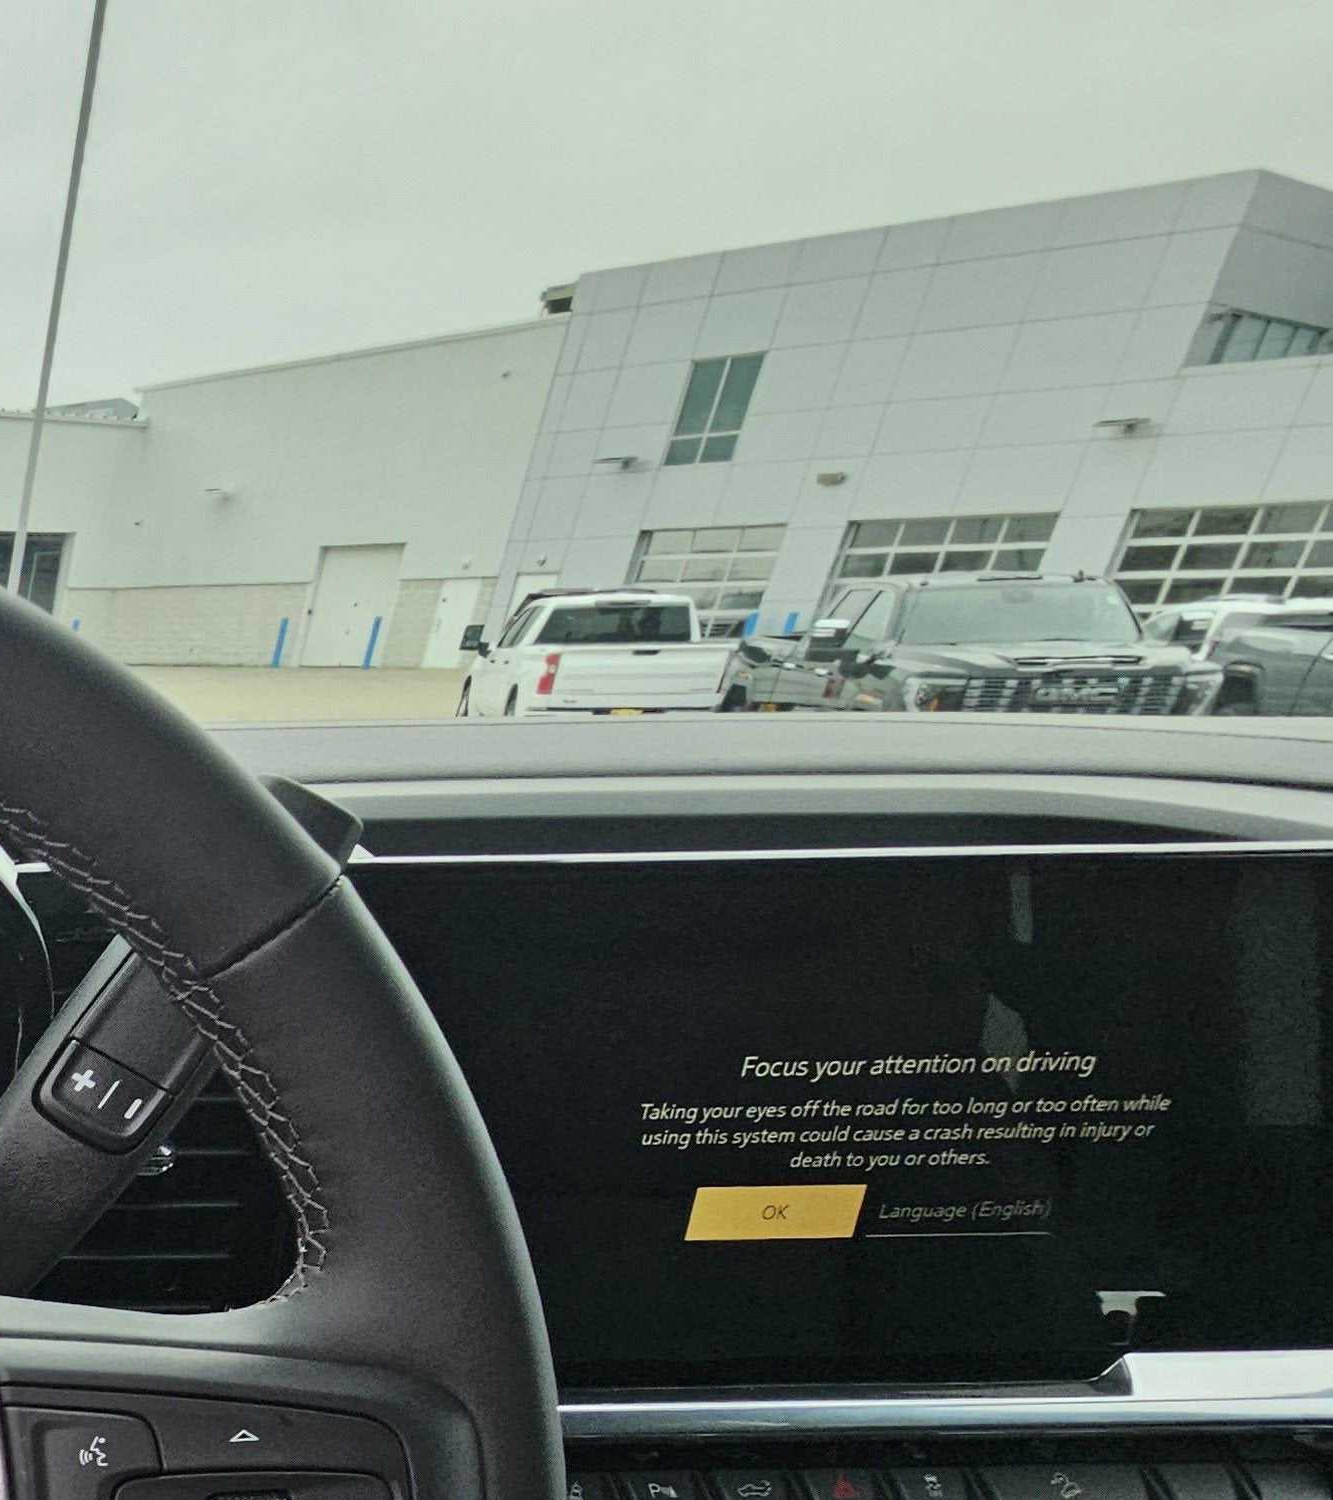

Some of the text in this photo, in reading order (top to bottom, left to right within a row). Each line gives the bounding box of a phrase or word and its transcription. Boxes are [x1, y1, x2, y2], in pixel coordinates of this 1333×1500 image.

[741, 1051, 1097, 1083] Focus your attention on driving
[641, 1094, 1172, 1124] Taking your eyes off the road for too long or too often while
[641, 1121, 1156, 1149] using this system could cause a crash resulting in injury or
[790, 1150, 991, 1171] death to you or others.
[762, 1204, 790, 1220] OK
[879, 1200, 1052, 1223] Language (English)
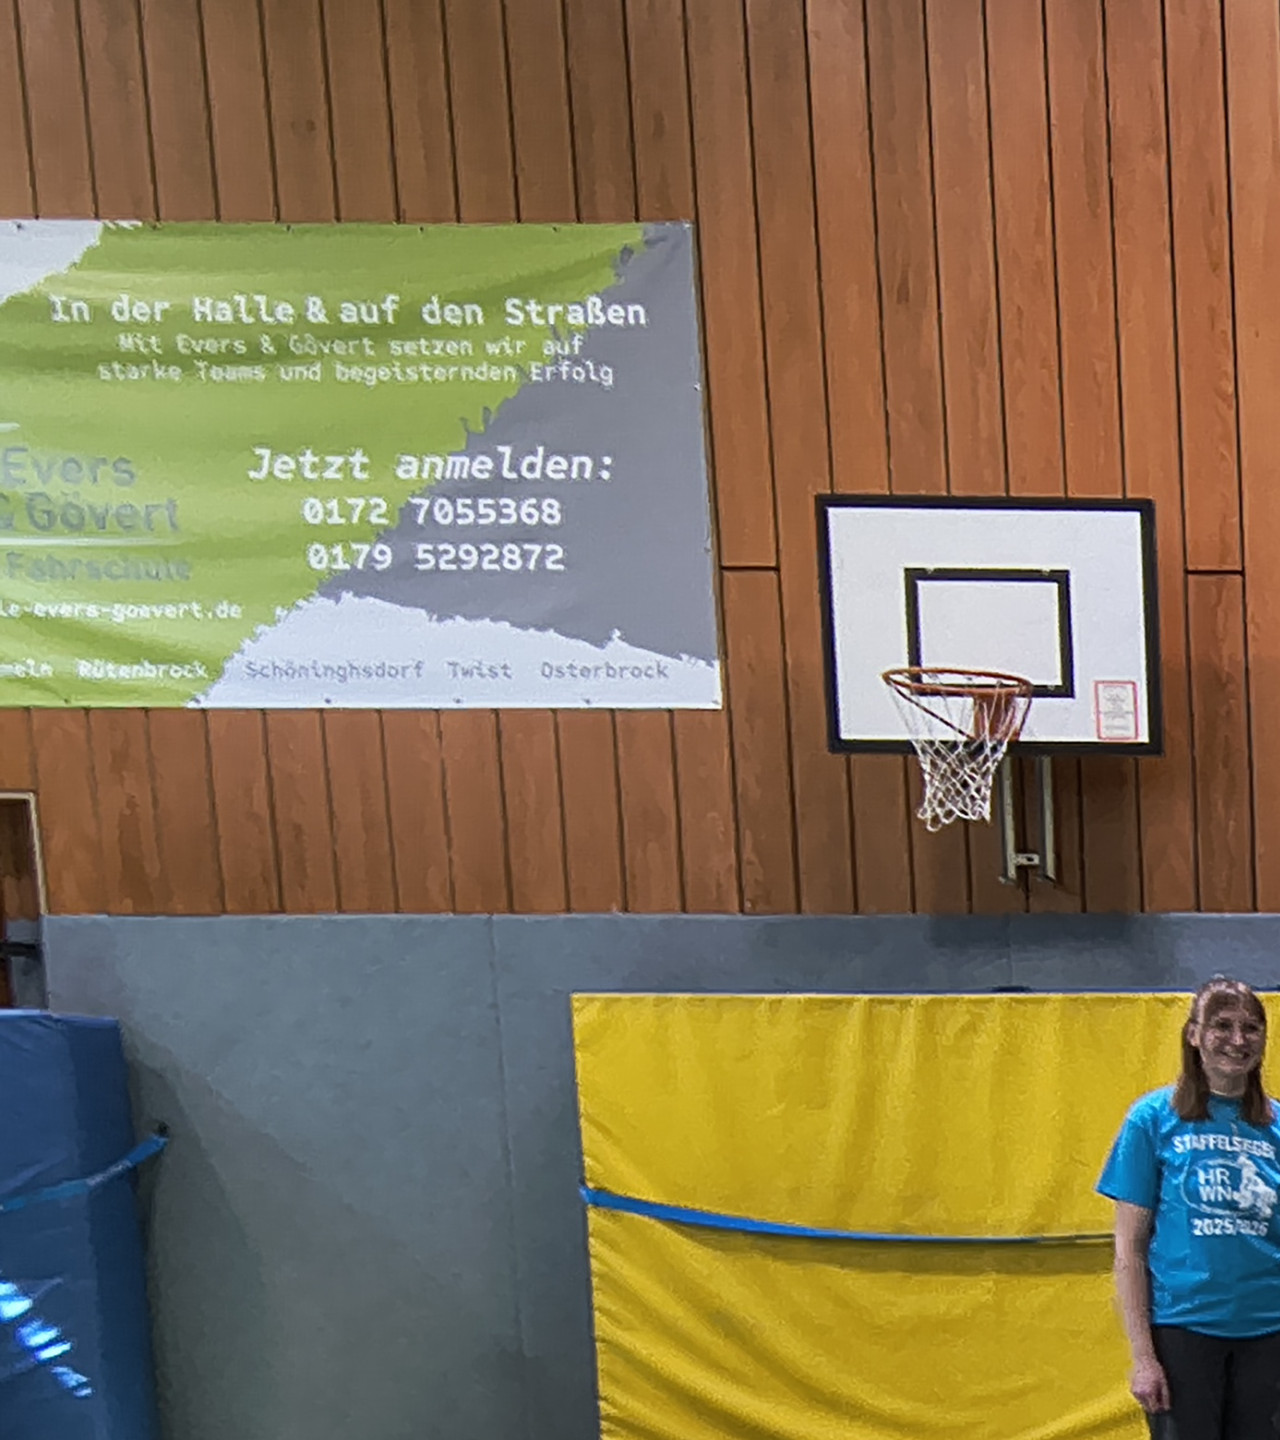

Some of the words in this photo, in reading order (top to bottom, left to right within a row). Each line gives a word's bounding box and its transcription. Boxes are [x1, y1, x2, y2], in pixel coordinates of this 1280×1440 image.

[50, 295, 91, 322] In
[111, 294, 170, 322] der
[193, 294, 295, 324] Halle
[305, 296, 329, 323] &
[340, 295, 400, 323] auf
[421, 295, 485, 325] den
[505, 296, 647, 326] Straßen
[118, 334, 163, 355] Mit
[175, 334, 248, 355] Evers
[259, 334, 276, 354] &
[287, 333, 376, 356] Gövert
[389, 338, 473, 357] setzen
[485, 336, 527, 356] wir
[542, 335, 585, 356] auf
[98, 361, 183, 381] starke
[195, 360, 267, 382] Teams
[280, 361, 322, 382] und
[335, 361, 517, 389] begeisternden
[530, 361, 614, 390] Erfolg
[3, 447, 136, 487] Evers
[248, 447, 370, 481] Jetzt
[395, 445, 614, 480] anmelden:
[25, 491, 180, 532] Gövert
[303, 497, 389, 526] 0172
[412, 497, 563, 526] 7055368
[6, 551, 191, 582] Fahrschule
[308, 543, 393, 571] 0179
[415, 543, 566, 571] 5292872
[76, 659, 209, 679] Rütenbrock
[245, 660, 425, 681] Schöninghsdorf
[447, 660, 513, 680] Twist
[541, 660, 669, 680] Osterbrock
[1197, 1167, 1231, 1185] HR
[1198, 1185, 1232, 1202] WN
▬▬▬
EXERCISE INSTRUCTIONS: Line by line, output the material above exactly, passing over the pictures.

SOLUTION TO THE PROBLEM:
Some of the text in this photo, in reading order (top to bottom, left to right within a row). Each line gives the bounding box of a phrase or word and its transcription. Boxes are [x1, y1, x2, y2], in pixel coordinates of this 1333×1500 image.

[741, 1051, 1097, 1083] Focus your attention on driving
[641, 1094, 1172, 1124] Taking your eyes off the road for too long or too often while
[641, 1121, 1156, 1149] using this system could cause a crash resulting in injury or
[790, 1150, 991, 1171] death to you or others.
[762, 1204, 790, 1220] OK
[879, 1200, 1052, 1223] Language (English)

Some of the words in this photo, in reading order (top to bottom, left to right within a row). Each line gives a word's bounding box and its transcription. Boxes are [x1, y1, x2, y2], in pixel coordinates of this 1280×1440 image.

[50, 295, 91, 322] In
[111, 294, 170, 322] der
[193, 294, 295, 324] Halle
[305, 296, 329, 323] &
[340, 295, 400, 323] auf
[421, 295, 485, 325] den
[505, 296, 647, 326] Straßen
[118, 334, 163, 355] Mit
[175, 334, 248, 355] Evers
[259, 334, 276, 354] &
[287, 333, 376, 356] Gövert
[389, 338, 473, 357] setzen
[485, 336, 527, 356] wir
[542, 335, 585, 356] auf
[98, 361, 183, 381] starke
[195, 360, 267, 382] Teams
[280, 361, 322, 382] und
[335, 361, 517, 389] begeisternden
[530, 361, 614, 390] Erfolg
[3, 447, 136, 487] Evers
[248, 447, 370, 481] Jetzt
[395, 445, 614, 480] anmelden:
[25, 491, 180, 532] Gövert
[303, 497, 389, 526] 0172
[412, 497, 563, 526] 7055368
[6, 551, 191, 582] Fahrschule
[308, 543, 393, 571] 0179
[415, 543, 566, 571] 5292872
[76, 659, 209, 679] Rütenbrock
[245, 660, 425, 681] Schöninghsdorf
[447, 660, 513, 680] Twist
[541, 660, 669, 680] Osterbrock
[1197, 1167, 1231, 1185] HR
[1198, 1185, 1232, 1202] WN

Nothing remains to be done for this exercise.